My breathing has smoothen and cough has lessen which only happens a few times in the morning and during the day. My mucus is no longer in deep color and has lessen. But I still can hear the whizzing/ bubbling sound at my chest and keep feeling weird while breathing as the heart pump pretty fast compare to usual self (not too sure if it is the side effect of the medication or due to my illness). I don't really feel fatigued, I only feel a little sleepy yet unable to fall asleep during the day. No fever either.


I am going back to my doctor on next Wednesday for a follow-up to see if he thinks I am recovering on schedule or whether he thinks I need further treatment. He only mentioned that it could take roughly two weeks to get over the actual infection but didn't tell me anything as far as how long to expect to be feeling bad. I am also returning to work on this coming Monday where I am a little worried. 


I have no friends to talked about pneumonia, so thought of going online to see if i am able to seek some sharing sessions with people with similar experience.

So anybody else has had a similar experience (pneumonia, bronchitis treated as an outpatient), what was your experience?

Jocelyn


----------



## Waxwing (Apr 17, 2008)

Oof, I'm sorry you're going through this. That is no fun at all.

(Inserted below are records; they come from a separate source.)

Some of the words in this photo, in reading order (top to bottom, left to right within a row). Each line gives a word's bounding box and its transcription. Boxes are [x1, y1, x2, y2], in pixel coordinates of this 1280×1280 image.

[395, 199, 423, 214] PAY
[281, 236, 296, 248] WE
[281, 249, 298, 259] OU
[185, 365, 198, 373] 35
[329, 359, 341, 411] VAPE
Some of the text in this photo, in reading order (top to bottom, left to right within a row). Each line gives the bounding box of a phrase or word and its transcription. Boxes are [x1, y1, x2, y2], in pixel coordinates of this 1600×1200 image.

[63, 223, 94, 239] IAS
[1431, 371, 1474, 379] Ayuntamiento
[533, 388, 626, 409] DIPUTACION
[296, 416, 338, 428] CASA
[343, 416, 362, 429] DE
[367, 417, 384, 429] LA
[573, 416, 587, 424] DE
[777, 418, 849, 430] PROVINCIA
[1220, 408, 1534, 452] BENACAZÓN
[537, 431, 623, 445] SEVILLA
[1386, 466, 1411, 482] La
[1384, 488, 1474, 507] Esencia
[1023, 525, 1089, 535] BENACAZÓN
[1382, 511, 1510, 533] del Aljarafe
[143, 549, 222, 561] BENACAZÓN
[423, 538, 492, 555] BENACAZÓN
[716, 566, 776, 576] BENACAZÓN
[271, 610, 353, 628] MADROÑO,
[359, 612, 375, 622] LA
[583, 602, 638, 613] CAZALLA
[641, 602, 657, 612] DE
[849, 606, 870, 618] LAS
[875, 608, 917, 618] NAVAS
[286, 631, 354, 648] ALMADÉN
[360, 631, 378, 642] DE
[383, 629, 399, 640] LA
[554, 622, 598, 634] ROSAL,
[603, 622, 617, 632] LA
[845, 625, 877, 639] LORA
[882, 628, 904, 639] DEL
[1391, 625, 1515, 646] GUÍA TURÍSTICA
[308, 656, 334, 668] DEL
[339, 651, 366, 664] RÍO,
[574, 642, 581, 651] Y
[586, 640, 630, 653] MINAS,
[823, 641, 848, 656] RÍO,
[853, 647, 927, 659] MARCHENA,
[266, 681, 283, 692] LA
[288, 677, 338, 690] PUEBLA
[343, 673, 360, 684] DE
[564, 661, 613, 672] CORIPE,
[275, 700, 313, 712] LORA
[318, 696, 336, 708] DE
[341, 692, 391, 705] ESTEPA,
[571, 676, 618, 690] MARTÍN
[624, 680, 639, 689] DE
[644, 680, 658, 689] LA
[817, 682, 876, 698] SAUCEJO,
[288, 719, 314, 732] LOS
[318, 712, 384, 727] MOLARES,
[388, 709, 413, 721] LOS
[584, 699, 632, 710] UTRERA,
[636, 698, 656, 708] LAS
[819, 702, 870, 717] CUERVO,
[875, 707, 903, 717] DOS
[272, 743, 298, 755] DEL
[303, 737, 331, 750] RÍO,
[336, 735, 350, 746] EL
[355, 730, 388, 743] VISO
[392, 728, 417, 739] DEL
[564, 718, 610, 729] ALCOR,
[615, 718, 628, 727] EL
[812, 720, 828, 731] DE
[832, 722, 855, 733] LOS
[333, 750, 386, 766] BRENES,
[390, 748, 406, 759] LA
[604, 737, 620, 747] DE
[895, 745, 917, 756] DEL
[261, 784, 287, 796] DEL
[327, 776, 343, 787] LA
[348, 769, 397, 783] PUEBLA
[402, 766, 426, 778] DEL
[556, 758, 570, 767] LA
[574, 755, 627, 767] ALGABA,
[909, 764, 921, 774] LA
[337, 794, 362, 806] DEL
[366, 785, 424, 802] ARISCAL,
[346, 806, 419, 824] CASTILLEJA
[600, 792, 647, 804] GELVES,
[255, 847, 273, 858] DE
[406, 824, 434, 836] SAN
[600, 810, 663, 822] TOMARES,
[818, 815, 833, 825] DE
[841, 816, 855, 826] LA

I've had pneumonia twice in my life, and both times it took MONTHS for me to feel whole again. The antibiotics took care of the infection in a couple of weeks but I wasn't strong for a while, and remember that each time the cough lasted for about three months. 

Which I hate to have to tell you. BUT you will get better. Take care of yourself and rest as much as you can. 

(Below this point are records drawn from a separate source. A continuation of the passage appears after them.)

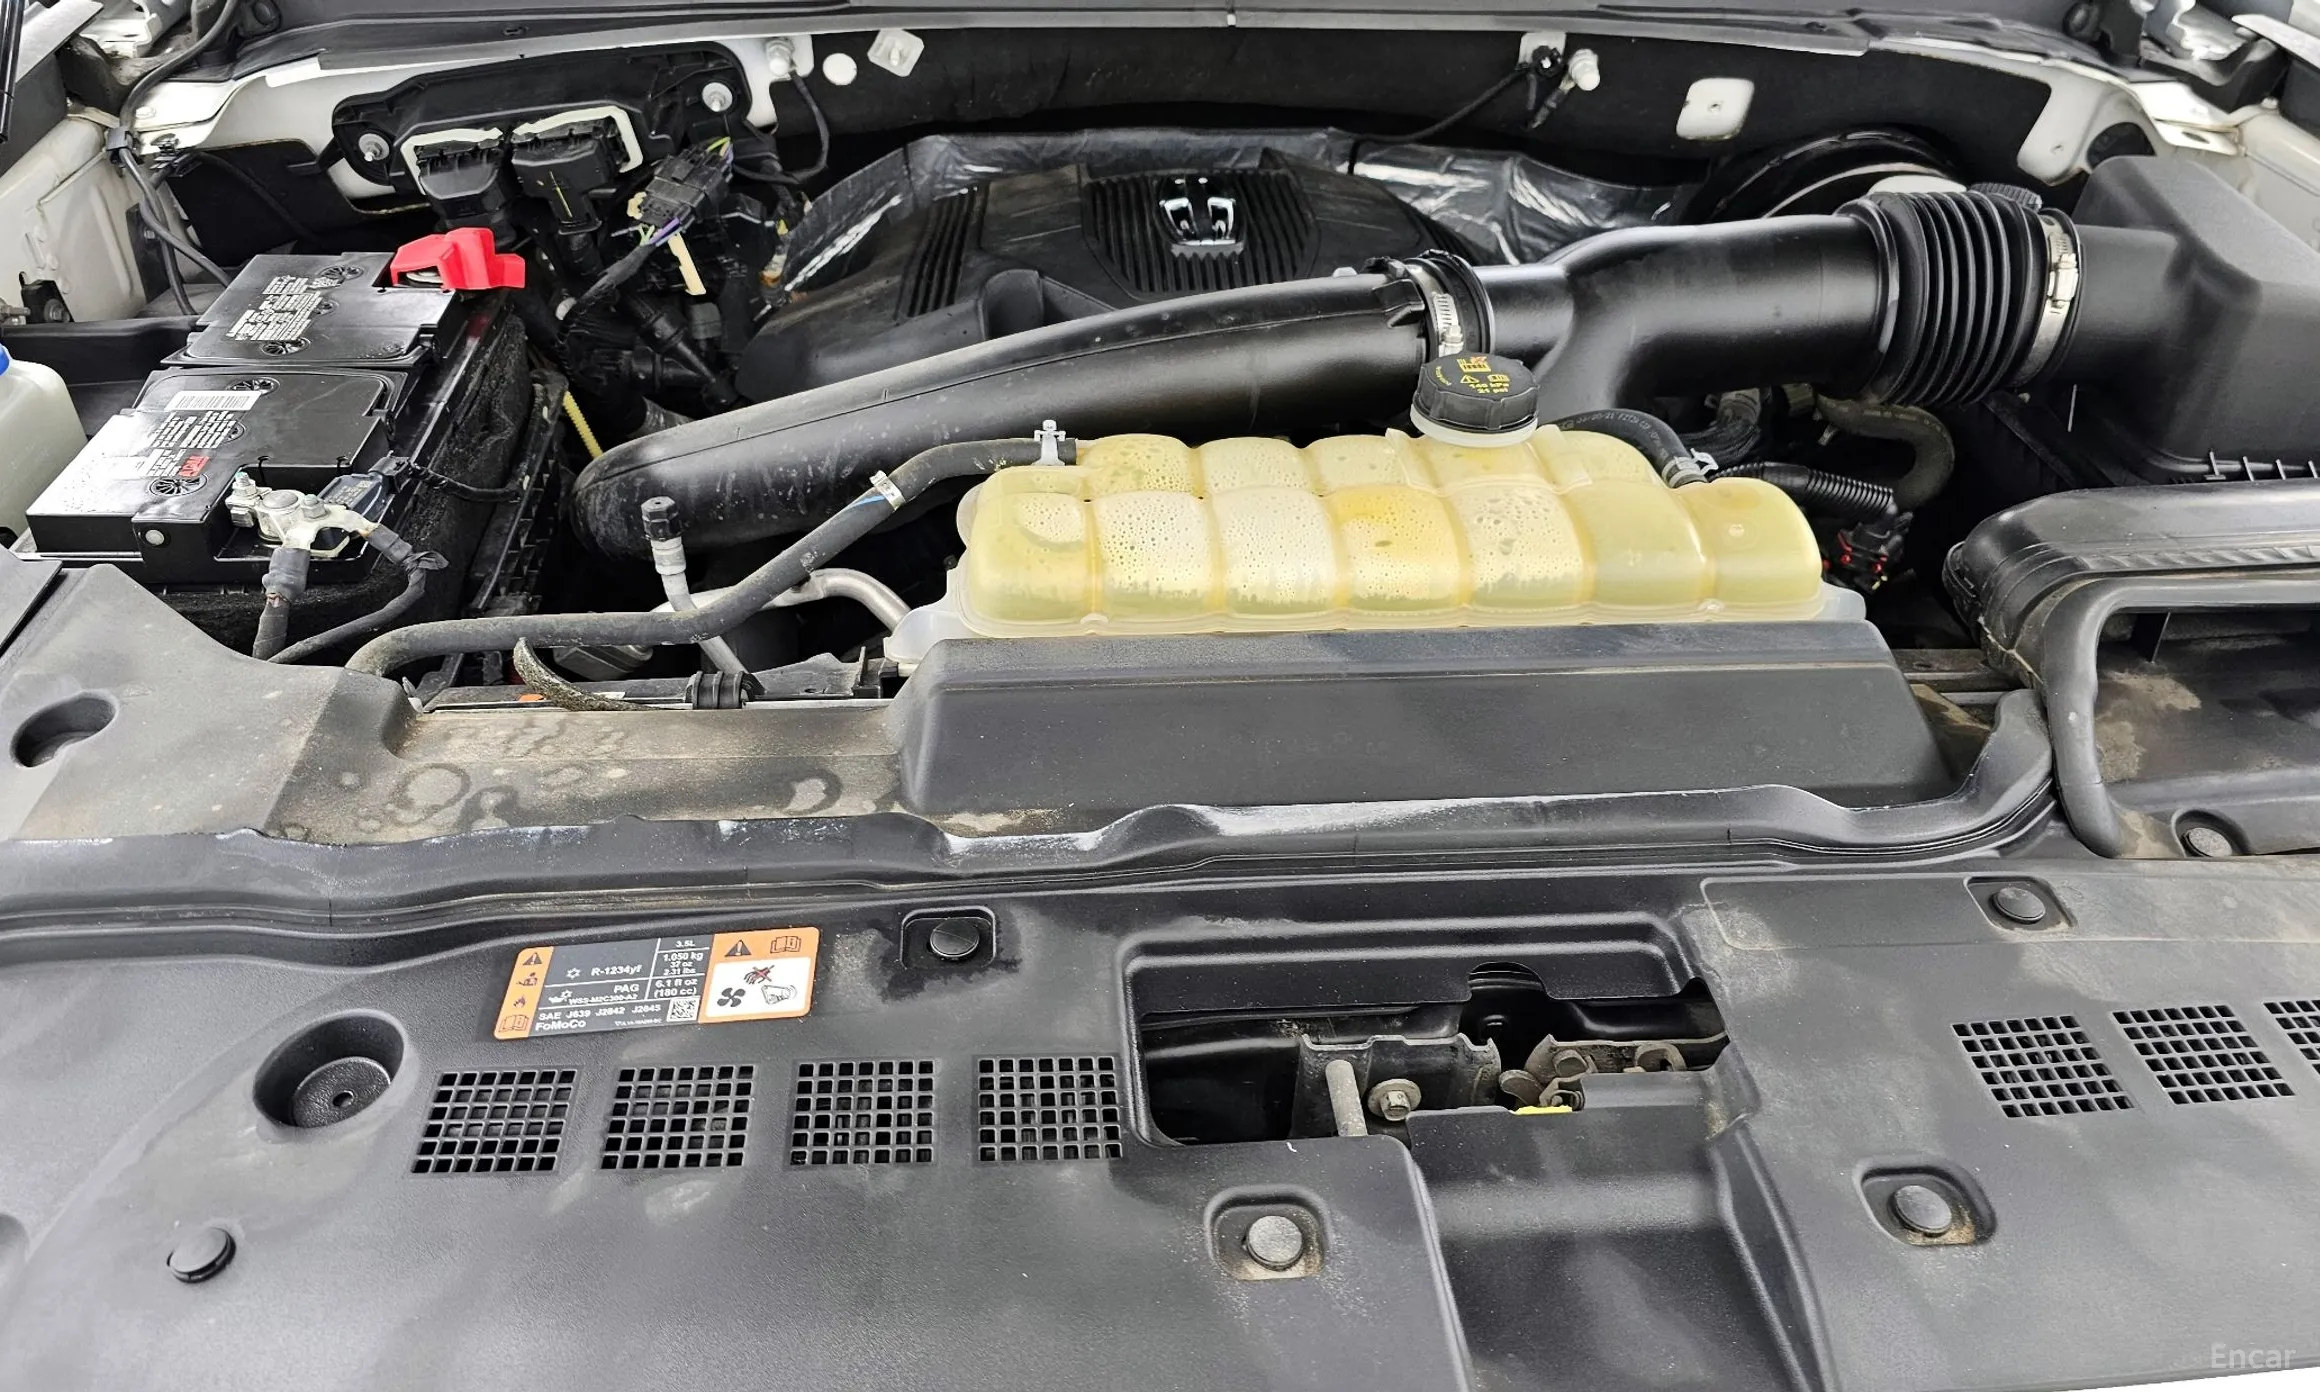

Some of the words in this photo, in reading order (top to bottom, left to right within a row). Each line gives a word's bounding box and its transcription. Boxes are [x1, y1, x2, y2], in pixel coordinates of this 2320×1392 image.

[675, 940, 696, 948] 3.5L
[663, 952, 689, 962] 1.050
[690, 951, 704, 962] kg
[591, 964, 643, 976] R-1234yf
[613, 983, 640, 994] PAG
[655, 979, 672, 988] 6.1
[684, 978, 698, 986] oz
[653, 988, 678, 999] (180
[679, 986, 697, 996] cc)
[539, 1012, 561, 1020] SAE
[535, 1019, 586, 1030] FoMoCo

The cough won't be awful the whole time at all. Toward the end mine was just an irritating slight cough.


----------



## Jocey_Jocey (Apr 18, 2008)

hi waxwing

Thanks for sharing that to me. these two days i am getting slightly better, the wheezling sound has reduce and only happens a little in the morning or night. This is the first time i had bronchitis and pneumonia. i am very worried and really hope it will be the last time to have it.


----------



## SocialbFly (Apr 18, 2008)

I am so sorry, i typed a huge response yesterday and my computer had an issue and it dumped all my windows....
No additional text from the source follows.